EN'ÂM SURESİ 136. Ayeti Ali Ünal Meali
Mekke döneminde inmiştir. Kuvvetli görüşe göre, 91, 92, 93, 151, 152 ve 153. âyetler Medine’de inmiştir. 165 âyettir. Adını, 136, 138 ve 139. âyetlerde yer alan “el-En’âm” kelimesinden almıştır. En’âm, koyun, keçi, deve ve sığır cinsi ehli hayvanları ifade eden bir kelimedir.

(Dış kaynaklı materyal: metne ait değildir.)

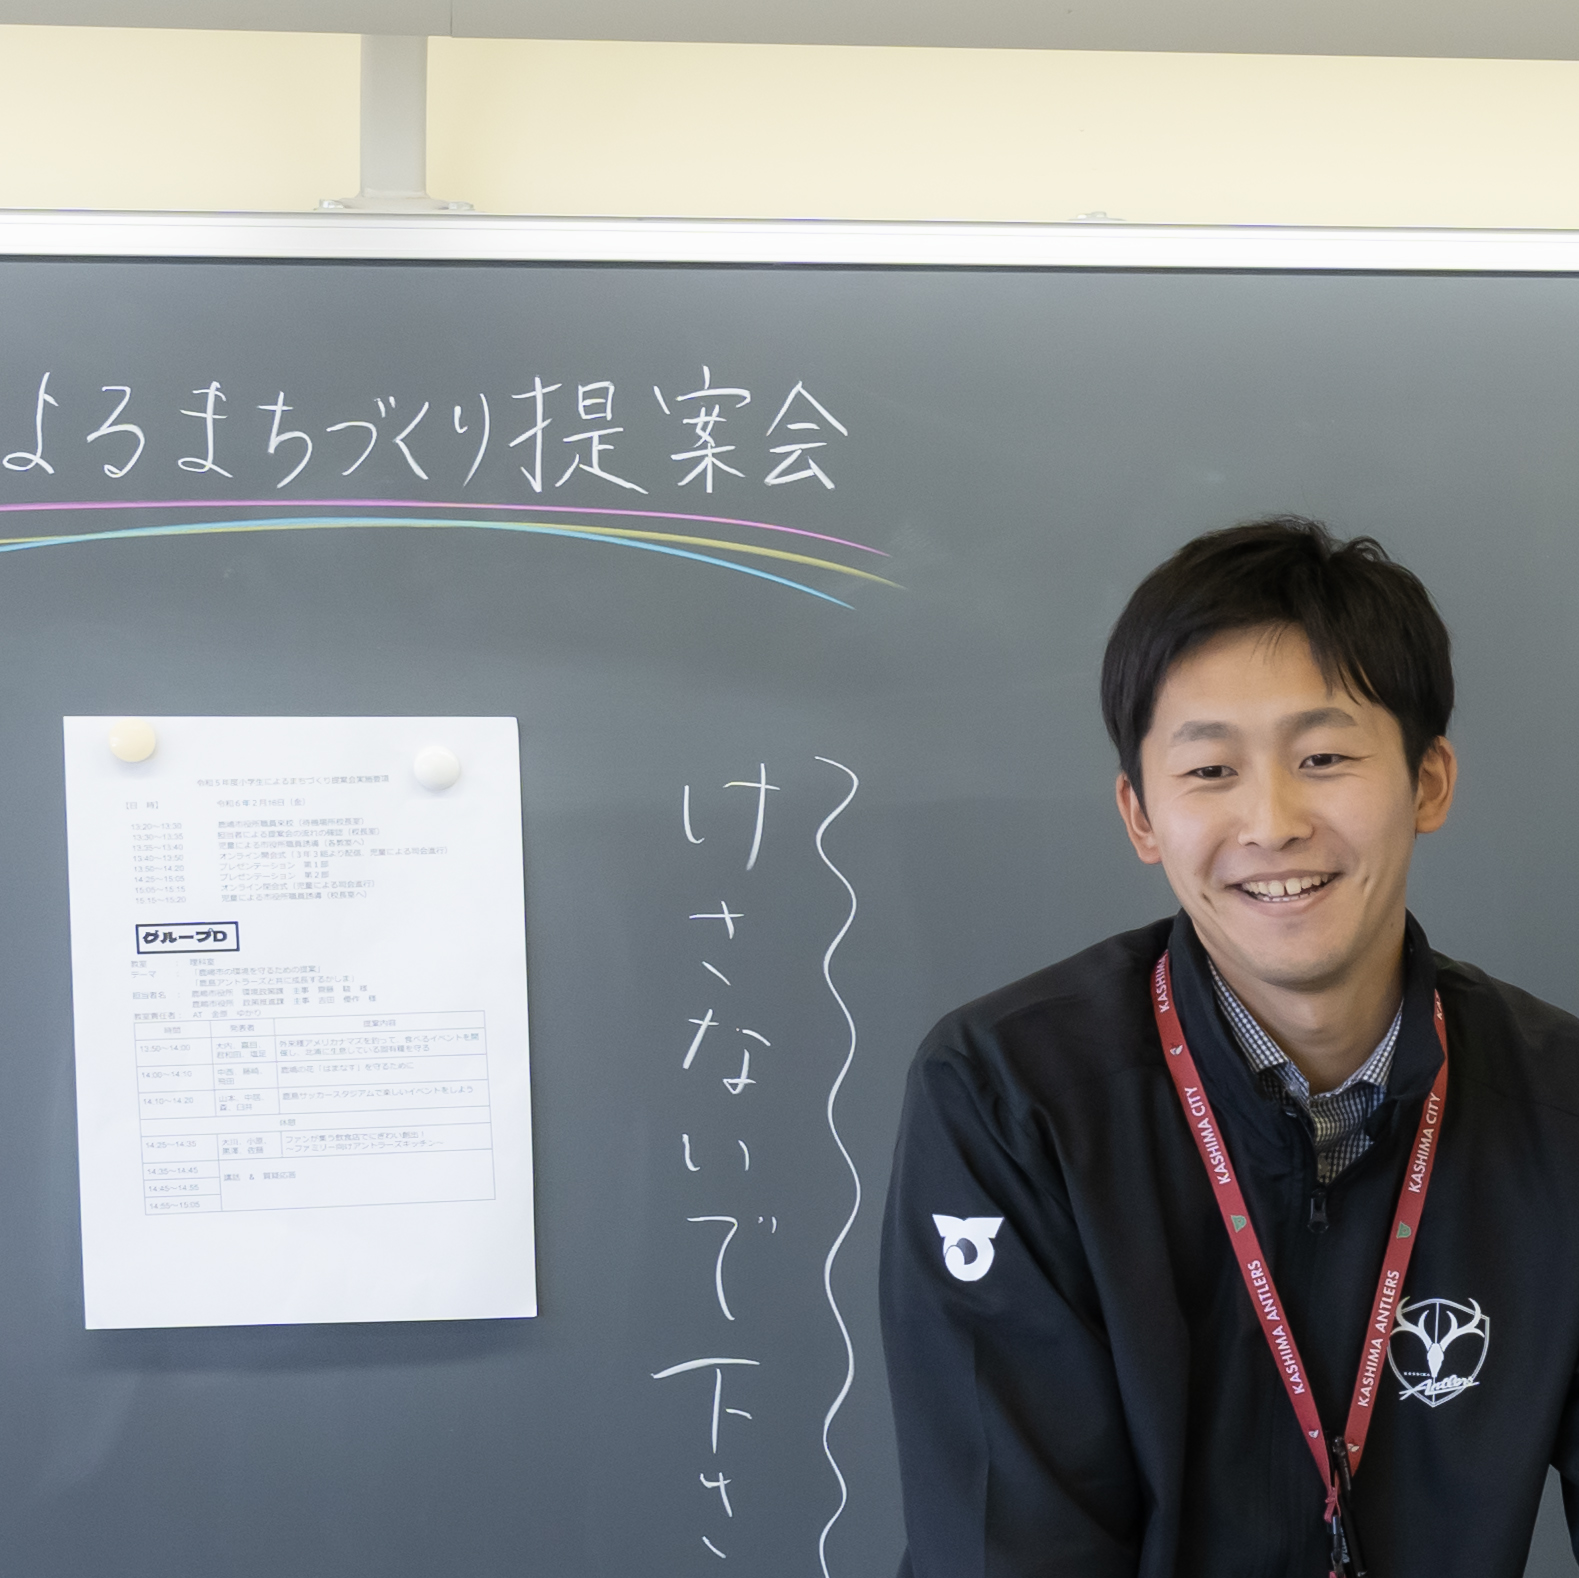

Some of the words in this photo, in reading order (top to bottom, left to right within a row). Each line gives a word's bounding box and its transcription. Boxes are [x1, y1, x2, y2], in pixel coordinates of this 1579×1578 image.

[1, 366, 848, 494] よるまちづくり提案会
[143, 927, 228, 944] グループD
[1184, 1086, 1207, 1117] CITY
[1198, 1117, 1232, 1185] KASHIMA
[1407, 1128, 1434, 1193] KASHIMA
[1425, 1092, 1441, 1125] CITY
[1247, 1260, 1281, 1321] ANTLERS
[1272, 1325, 1306, 1395] KASHIMA
[1358, 1338, 1383, 1407] KASHIMA
[1375, 1270, 1400, 1334] ANTLERS

وَجَعَلُواْ لِلّهِ مِمِّا ذَرَأَ مِنَ الْحَرْثِ وَالأَنْعَامِ نَصِيبًا فَقَالُواْ هَذَا لِلّهِ بِزَعْمِهِمْ وَهَذَا لِشُرَكَآئِنَا فَمَا كَانَ لِشُرَكَآئِهِمْ فَلاَ يَصِلُ إِلَى اللّهِ وَمَا كَانَ لِلّهِ فَهُوَ يَصِلُ إِلَى شُرَكَآئِهِمْ سَاء مَا يَحْكُمُونَ ﴿١٣٦﴾
Ayet Transkripsiyonu ve Sade Meali
söz öbeklerinin üzerine farenizi sürükleyerek çevirilerini görebilirsiniz. Çevirileri tablo halinde görmek için buraya tıklayın
Kelime | Türkçe karşılığı |
---|---|
ve cealû | ve yaptılar (ayırdılar) |
lillâhi (li allâhi) | Allah için |
mimmâ (min mâ) | o şeylerden |
zeree | yarattı, var etti, çoğalttı |
min el harsi | ekinlerden |
ve el en'âmi | ve büyük baş hayvanlar |
nasîben | bir nasip, bir pay |
fe kâlû | böylece dediler |
hâzâ | bu |
li allâhi | Allah için, Allah'ın |
bi za'mi-him | kendi zanlarıyla |
ve hâzâ | ve bu |
li şurakâi-nâ | ortaklarımız için |
fe mâ kâne | fakat o ...olmadı |
li şurakâi-him | ortakları için olan |
fe lâ yasılu | fakat ulaşmaz, varmaz |
ilâllah (ilâ allâhi) | Allah'a |
ve mâ kâne | ve o ...olmadı |
lillâhi (li allâhi) | Allah için |
fe huve | ama o |
yasılu | vasıl olur, ulaşır |
ilâ şurakâi-him | onların ortaklarına |
sâe | ne kötü |
mâ yahkumûne | hükmettikleri şey |
O’nun (Allah’ın) yaratıp, çoğalttığı ekinlerden ve hayvanlardan Allah için pay ayırdılar. Ve böylece kendi zanlarınca: “Bu Allah için ve bu da ortaklarımız için.” dediler. Fakat ortakları için olan; Allah’a ulaşmaz ama Allah için olan; o, onların ortaklarına ulaşır. Hükmettikleri şey ne kötü.
EN'ÂM SURESİ 136. Ayeti Ali Ünal Meali
Allah’ın yarattığı ekin ve hayvanlardan Allah için bir pay ayırıp kendi bâtıl iddialarınca “Bu Allah’a ait; şu da, (O’nun yanısıra ma’bud edindiğimiz) ilâhlarımızın!” diye bölüştürmede bulunurlar. Fakat (yine de işlerine geldiği gibi davranır ve) kendi ilâhlarına ayırdıklarını onlar için harcarken, Allah için ayırdıklarını ise Allah için sarfetmeyip, ilâhları uğruna kullanırlar. Ne kötü kanunlar koyup, kendi kanunlarını da ne kötü uyguluyorlar!